REQUIRED ACTION -
Using the entries below, return word for word the lines from the one containing "this 2362×1568 image." up to and including the last.

──────── RECORDS PROVIDED

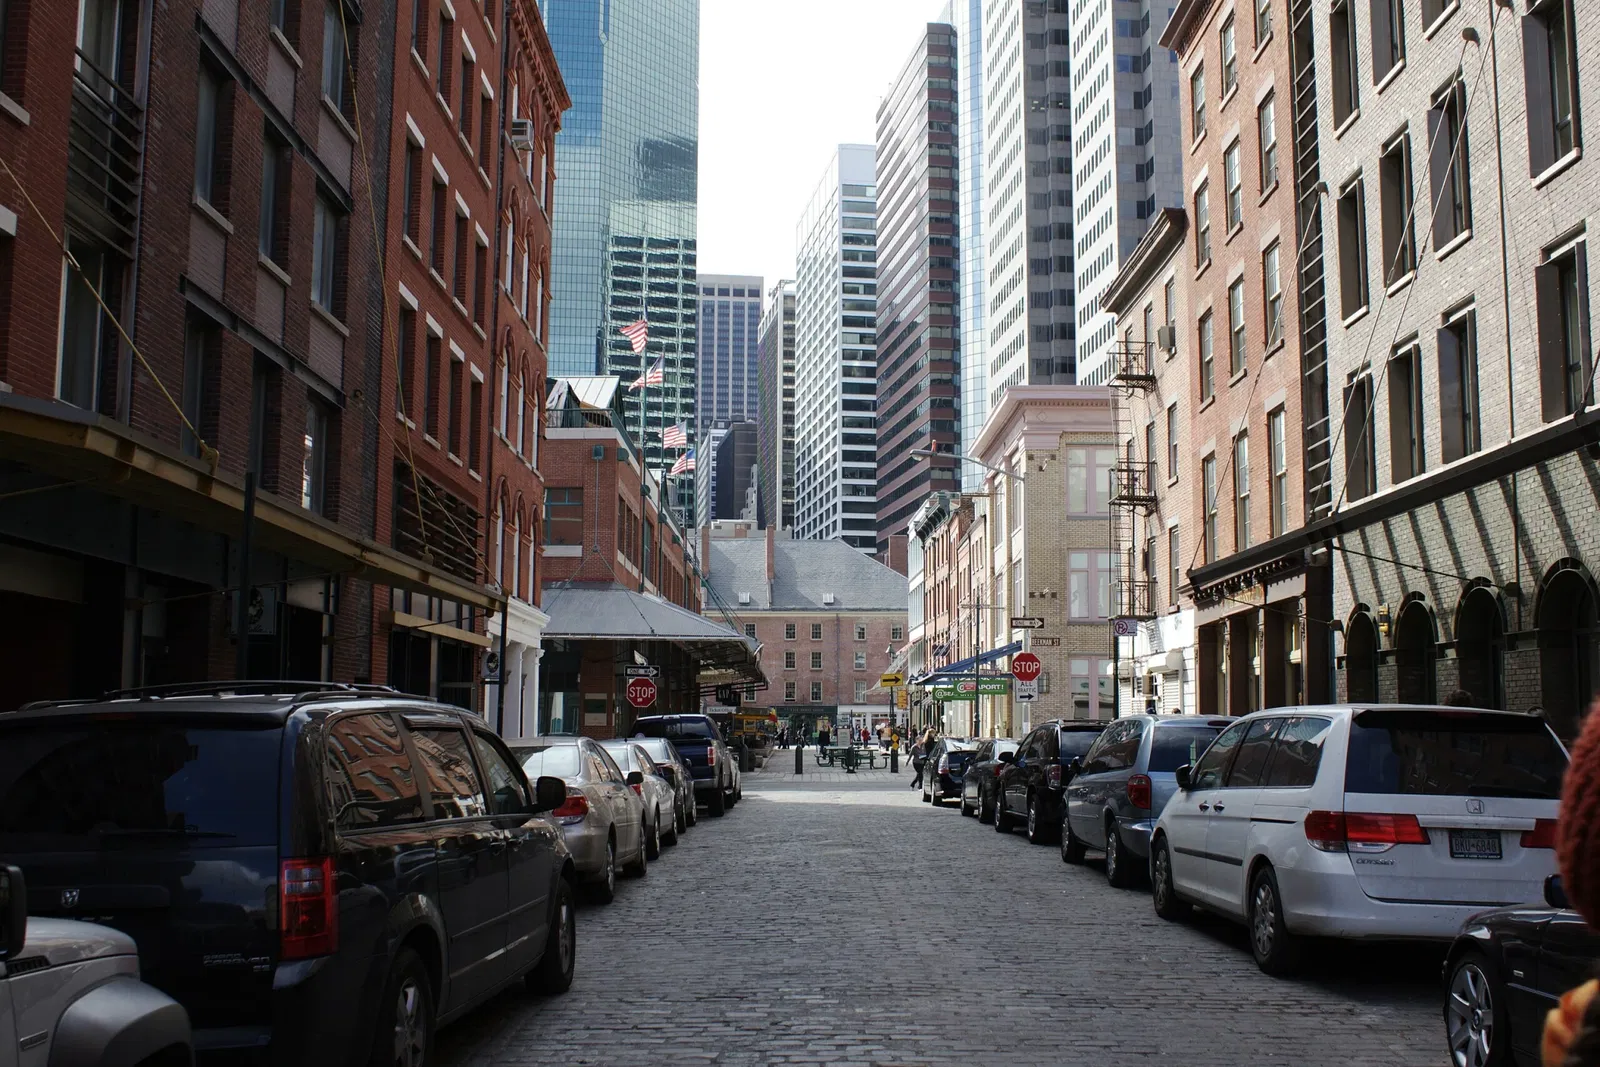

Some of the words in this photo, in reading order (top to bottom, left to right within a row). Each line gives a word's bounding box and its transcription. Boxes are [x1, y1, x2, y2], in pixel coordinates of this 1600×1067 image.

[1032, 638, 1053, 646] BEEKMAN
[1053, 638, 1060, 646] ST
[1013, 661, 1040, 673] STOP
[629, 686, 655, 698] STOP
[1356, 858, 1396, 866] ODYSSEY
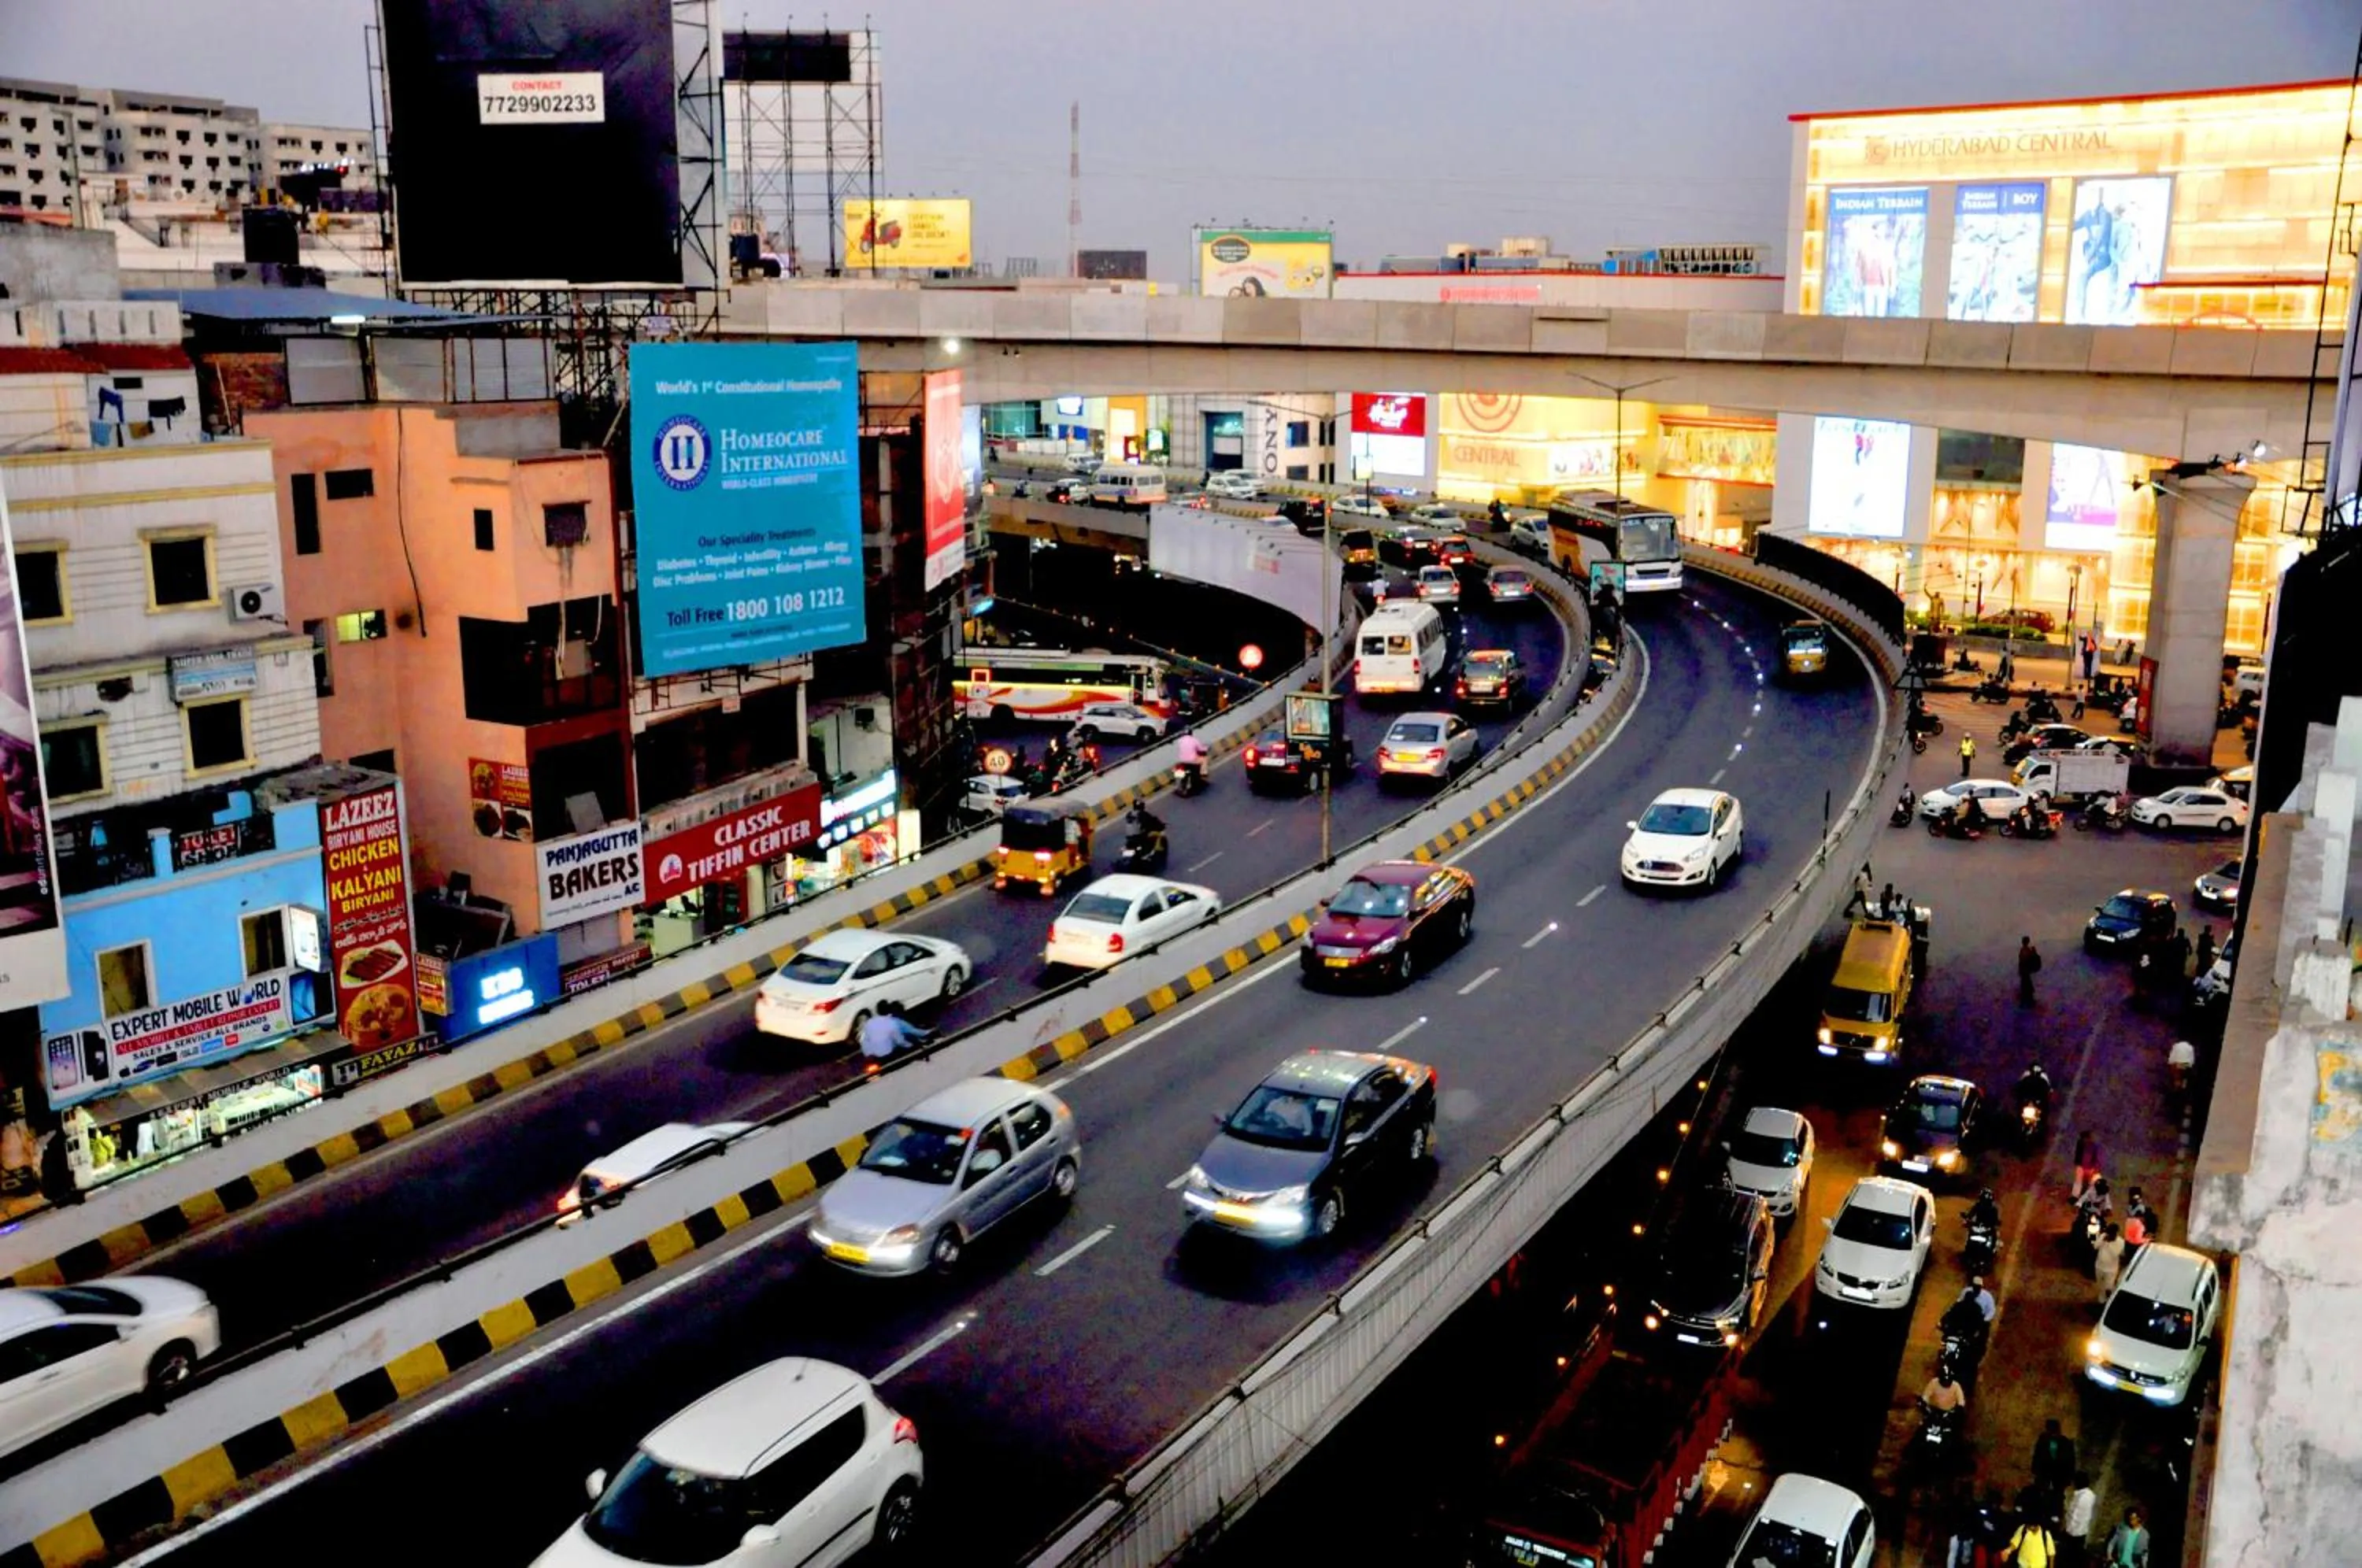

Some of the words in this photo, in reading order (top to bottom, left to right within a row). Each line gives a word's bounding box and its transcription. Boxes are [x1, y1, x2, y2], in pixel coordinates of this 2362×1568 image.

[512, 80, 563, 91] CONTACT
[483, 94, 596, 113] 7729902233
[1892, 135, 2011, 158] HYDERABAD
[2016, 131, 2115, 153] CENTRAL
[1877, 196, 1923, 210] TERRAIN
[2012, 192, 2039, 205] BOY
[655, 380, 698, 394] World's
[1264, 407, 1279, 473] ONY
[720, 449, 848, 474] INTERNATIONAL
[1453, 446, 1520, 467] CENTRAL
[698, 534, 717, 548] Our
[720, 531, 765, 548] Speciality
[667, 607, 691, 627] Toll
[694, 605, 724, 623] Free
[726, 597, 768, 621] 1800
[774, 592, 804, 615] 108
[809, 586, 845, 610] 1212
[324, 790, 395, 832] LAZEEZ
[714, 805, 783, 847] CLASSIC
[326, 828, 365, 851] BIRYANI
[366, 819, 398, 841] HOUSE
[546, 828, 638, 867] PANJAGUTTA
[328, 836, 400, 871] CHICKEN
[687, 844, 744, 883] TIFFIN
[749, 819, 811, 857] CENTER
[331, 866, 402, 901] KALYANI
[549, 852, 639, 900] BAKERS
[341, 887, 394, 914] BIRYANI
[112, 1008, 169, 1041] EXPERT
[173, 993, 224, 1023] MOBILE
[174, 1031, 213, 1049] SERVICE
[361, 1041, 416, 1071] FAYAZ
[206, 1079, 252, 1101] MOBILE
[254, 1067, 291, 1085] WORLD

────────────────

SOLUTION TO THE EXERCISE -
Some of the words in this photo, in reading order (top to bottom, left to right within a row). Each line gives a word's bounding box and its transcription. Boxes are [x1, y1, x2, y2], in pixel coordinates of this 2362×1568 image.

[512, 80, 563, 91] CONTACT
[483, 94, 596, 113] 7729902233
[1892, 135, 2011, 158] HYDERABAD
[2016, 131, 2115, 153] CENTRAL
[1877, 196, 1923, 210] TERRAIN
[2012, 192, 2039, 205] BOY
[655, 380, 698, 394] World's
[1264, 407, 1279, 473] ONY
[720, 449, 848, 474] INTERNATIONAL
[1453, 446, 1520, 467] CENTRAL
[698, 534, 717, 548] Our
[720, 531, 765, 548] Speciality
[667, 607, 691, 627] Toll
[694, 605, 724, 623] Free
[726, 597, 768, 621] 1800
[774, 592, 804, 615] 108
[809, 586, 845, 610] 1212
[324, 790, 395, 832] LAZEEZ
[714, 805, 783, 847] CLASSIC
[326, 828, 365, 851] BIRYANI
[366, 819, 398, 841] HOUSE
[546, 828, 638, 867] PANJAGUTTA
[328, 836, 400, 871] CHICKEN
[687, 844, 744, 883] TIFFIN
[749, 819, 811, 857] CENTER
[331, 866, 402, 901] KALYANI
[549, 852, 639, 900] BAKERS
[341, 887, 394, 914] BIRYANI
[112, 1008, 169, 1041] EXPERT
[173, 993, 224, 1023] MOBILE
[174, 1031, 213, 1049] SERVICE
[361, 1041, 416, 1071] FAYAZ
[206, 1079, 252, 1101] MOBILE
[254, 1067, 291, 1085] WORLD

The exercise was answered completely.